The chief executive of Abu Dhabi Islamic Bank has urged the Central Bank to broaden its provision of short-term liquidity to Sharia-compliant lenders.
The UAE should also offer longer-term funding facilities to Islamic banks so as to improve their business capability, said Tirad Al Mahmoud.
The Central Bank allows Islamic banks to park Sharia-compliant assets on its balance sheet in exchange for profit. This is only available on an overnight basis.
“The facility … would be enhanced if term funding was also offered,” said Mr Al Mahmoud.
The central banks of the UAE and Bahrain recently introduced a series of short-term treasury management tools to help Islamic lenders to manage their cash flows.
In April, Bahrain’s central bank introduced a week-long wakalah lending facility, which allows Islamic banks to invest in a basket of Sharia-compliant assets for seven days.
In the UAE, the Central Bank accepts a broader range of assets as collateral for its Sharia-compliant overnight lending facility, formally known as the Collateralised Murabahah Facility.
Bahrain and the UAE are the only countries in the region whose central banks offer liquidity tools to Islamic lenders.

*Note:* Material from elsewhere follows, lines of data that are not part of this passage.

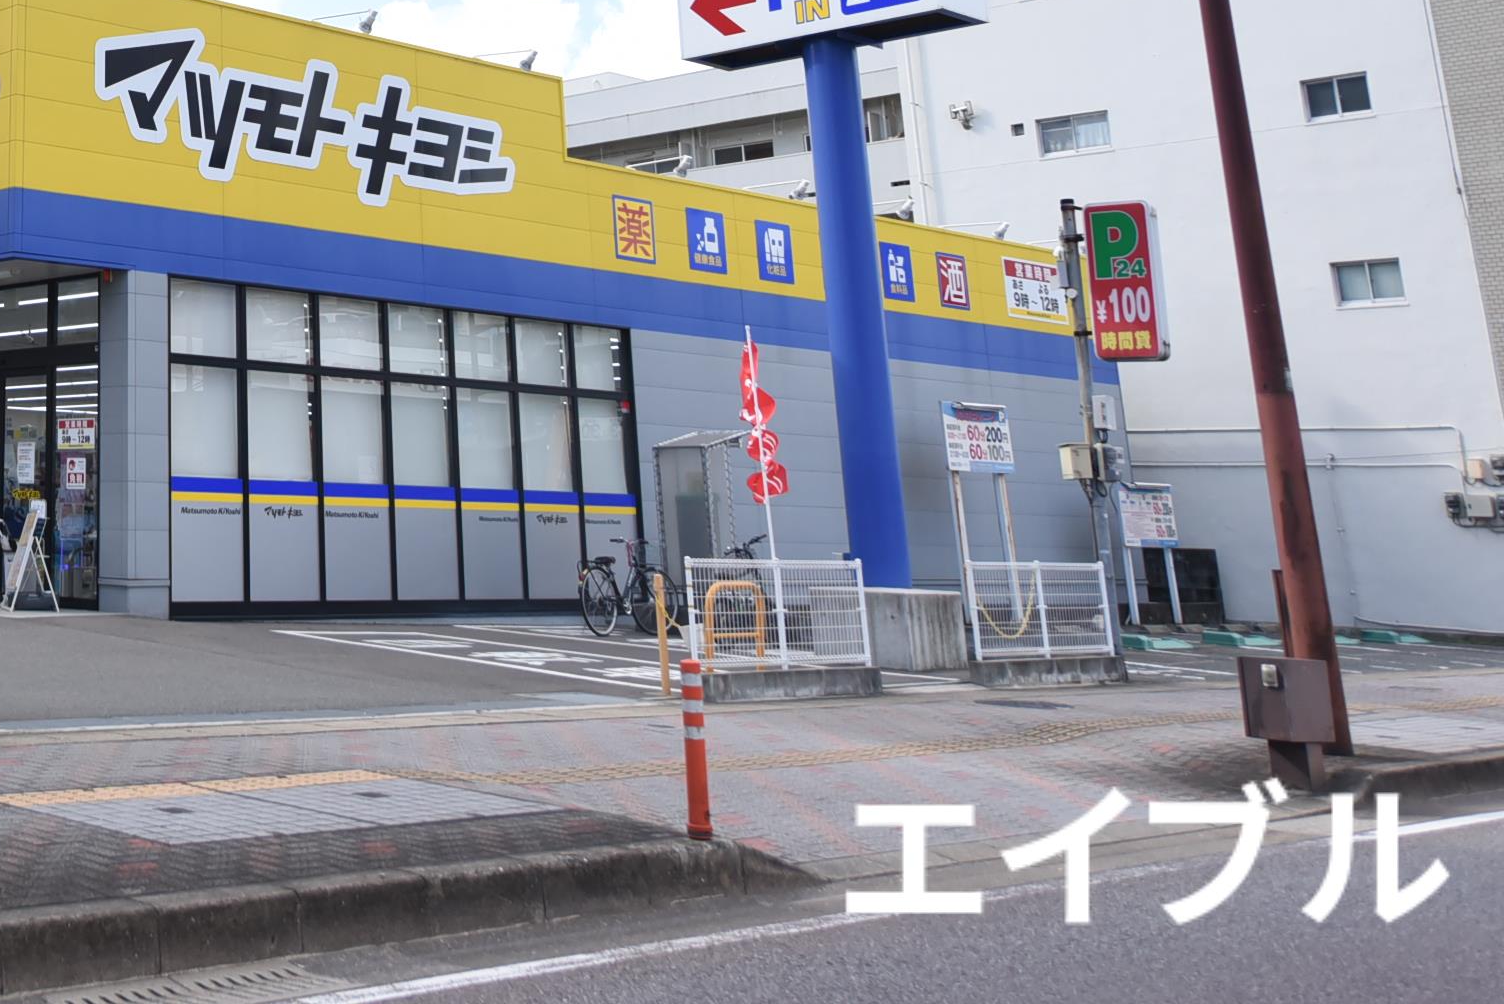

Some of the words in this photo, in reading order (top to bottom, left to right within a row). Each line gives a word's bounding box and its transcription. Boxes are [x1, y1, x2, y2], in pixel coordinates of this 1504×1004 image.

[103, 39, 509, 196] マツモトキヨシ
[617, 202, 652, 258] 薬
[938, 258, 967, 304] 酒
[1100, 330, 1152, 352] 時間貸
[180, 506, 218, 515] Matsumoto
[325, 510, 359, 519] Matsumoto

Such banks typically trade more illiquid assets than conventional lenders, and very few Sharia-compliant liquidity management tools exist.

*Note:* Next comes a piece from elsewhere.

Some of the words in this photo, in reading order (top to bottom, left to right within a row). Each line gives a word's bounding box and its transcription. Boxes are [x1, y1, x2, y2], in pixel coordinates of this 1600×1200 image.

Non-Islamic banks use the short-term money market and central bank financing arrangements to meet their daily balance sheet shortfalls. As Islam forbids profiting from charging increments on cash, Islamic banks have had to adopt more complex methods of making their books balance at the end of each working day.
“We fully agree that stakeholders should introduce more Sharia-compliant short-term treasury tools,” said Mr Al Mahmoud.
“Treasury operations, specifically liquidity management for Sharia-compliant banks, have come a long way. Recent trends give us optimism about the future.”
Last month, the UAE Banks Federation considered proposals to introduce a unified Sharia board to regulate Islamic banks.
The standardisation of products and guidelines has long been an obstacle in developing the Islamic banking industry, according to analysts from the IMF and credit ratings agency Standard & Poor’s.
Differing applications of Sharia standards create scope for “regulatory arbitrage”, according to an IMF working paper published in April.
National regulators needed to strengthen and harmonise Sharia rules, said the IMF.
Today, Islamic finance leaders are meeting in London to discuss ways to help the sector grow further.
The leaders include representatives from the Islamic Development Bank, the Government of Sharjah, and lenders from Kuwait, Britain and Malaysia.